TunnelVision

xListening to some mellow middle-of-the-road music yesterday, I began feeling a little melancholy.  A little sad. But not for the reasons you — or I — would first think. A few fellow employees have retired these past few days, and I find that I’m saying goodbye, not to those who are moving into the glorious sunset of the future, but to my own last days before into that same glorious sunset.

The retiring of two more “oldies” was an inevitable step towards the future. The changing of the guard, so to speak. Stepping out the door were two more of the microfiche and typewriter world, making room for the tablet and Bluetooth generation.  And while that is the natural order of things, I found my dreams of being someone, something, more, walking out the door with them.

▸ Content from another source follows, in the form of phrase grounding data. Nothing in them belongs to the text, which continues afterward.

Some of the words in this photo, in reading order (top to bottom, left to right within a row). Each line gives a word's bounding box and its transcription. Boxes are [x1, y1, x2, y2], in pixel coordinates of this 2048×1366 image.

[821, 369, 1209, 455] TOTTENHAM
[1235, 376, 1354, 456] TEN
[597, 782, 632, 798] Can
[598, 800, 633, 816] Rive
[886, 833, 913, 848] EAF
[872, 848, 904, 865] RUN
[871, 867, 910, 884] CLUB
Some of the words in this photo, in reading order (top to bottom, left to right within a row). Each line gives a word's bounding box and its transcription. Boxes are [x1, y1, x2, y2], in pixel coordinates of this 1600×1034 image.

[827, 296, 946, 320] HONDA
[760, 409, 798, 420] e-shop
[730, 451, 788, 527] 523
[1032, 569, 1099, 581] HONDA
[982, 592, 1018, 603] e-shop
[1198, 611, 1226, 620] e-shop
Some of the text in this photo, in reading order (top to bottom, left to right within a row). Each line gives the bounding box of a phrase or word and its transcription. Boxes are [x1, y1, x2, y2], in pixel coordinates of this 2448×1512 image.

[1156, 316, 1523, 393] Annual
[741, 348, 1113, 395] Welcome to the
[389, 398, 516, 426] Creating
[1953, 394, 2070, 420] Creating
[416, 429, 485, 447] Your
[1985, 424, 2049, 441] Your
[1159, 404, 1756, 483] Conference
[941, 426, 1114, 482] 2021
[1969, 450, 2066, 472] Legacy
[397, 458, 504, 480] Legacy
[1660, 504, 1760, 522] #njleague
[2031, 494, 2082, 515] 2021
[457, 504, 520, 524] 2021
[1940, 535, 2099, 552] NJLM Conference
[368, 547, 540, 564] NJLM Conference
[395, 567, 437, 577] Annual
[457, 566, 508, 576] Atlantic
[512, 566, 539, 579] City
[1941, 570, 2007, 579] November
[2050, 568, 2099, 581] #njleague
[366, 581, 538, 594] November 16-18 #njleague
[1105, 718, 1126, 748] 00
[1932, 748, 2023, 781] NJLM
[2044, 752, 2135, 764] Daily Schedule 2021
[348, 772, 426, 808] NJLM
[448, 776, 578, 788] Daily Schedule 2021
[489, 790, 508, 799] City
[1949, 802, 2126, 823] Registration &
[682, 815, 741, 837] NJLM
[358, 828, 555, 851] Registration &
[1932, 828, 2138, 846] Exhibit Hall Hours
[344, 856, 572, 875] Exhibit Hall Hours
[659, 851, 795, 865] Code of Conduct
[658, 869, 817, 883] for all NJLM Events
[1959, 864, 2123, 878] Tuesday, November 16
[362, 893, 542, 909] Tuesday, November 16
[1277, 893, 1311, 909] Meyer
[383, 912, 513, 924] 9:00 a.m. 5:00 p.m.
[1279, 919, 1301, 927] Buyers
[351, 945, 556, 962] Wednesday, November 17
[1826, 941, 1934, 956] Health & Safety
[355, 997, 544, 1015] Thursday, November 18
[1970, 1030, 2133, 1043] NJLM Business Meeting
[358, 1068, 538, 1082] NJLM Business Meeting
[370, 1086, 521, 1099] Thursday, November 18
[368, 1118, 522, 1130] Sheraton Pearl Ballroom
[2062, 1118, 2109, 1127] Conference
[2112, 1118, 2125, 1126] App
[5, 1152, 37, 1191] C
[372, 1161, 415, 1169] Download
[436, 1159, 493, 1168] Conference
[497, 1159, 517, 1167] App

And I didn’t like that feeling.

The working world is built for the fast, the curious, the nimble. It moves too fast for those who grew up on record players and black and white TVs. The harder I try and keep up, the further behind I fall. Which is also the nature of things.  But when I looked at the picture poster boards of those who have left, I saw young workers, bright workers, working and laughing and making the working world a better place. Forty years worth of working and laughing and making the working world a better place. And suddenly those 40 years were gone in a heartbeat; a glance backwards to that ever-growing tunnel of used-to-be.

Through their 40 years I see my own timeline. I see flashes of my kids playing soccer, or sitting on Santa’s lap, or singing in the grade school choir. I see my first job as a linofilm typist and my most exciting job working in downtown Chicago and my failed job as a bed and breakfast owner. And as the retirees walk away from the only life they’ve known for 30 or 40 years, I wonder where my own past 30 or 40 years have gone.

In the melancholy of the last few days of their structured work place, I find a lifetime’s worth of struggle and passion disappearing in a puff of smoke, replaced for a moment by a cake with too-sweet frosting and a card signed by well wishers. How can one’s life achievements be reduced to a single goodbye? To a “thanks for the memories” speech?

I want to stand in the middle of the street and scream, “I am so much more!”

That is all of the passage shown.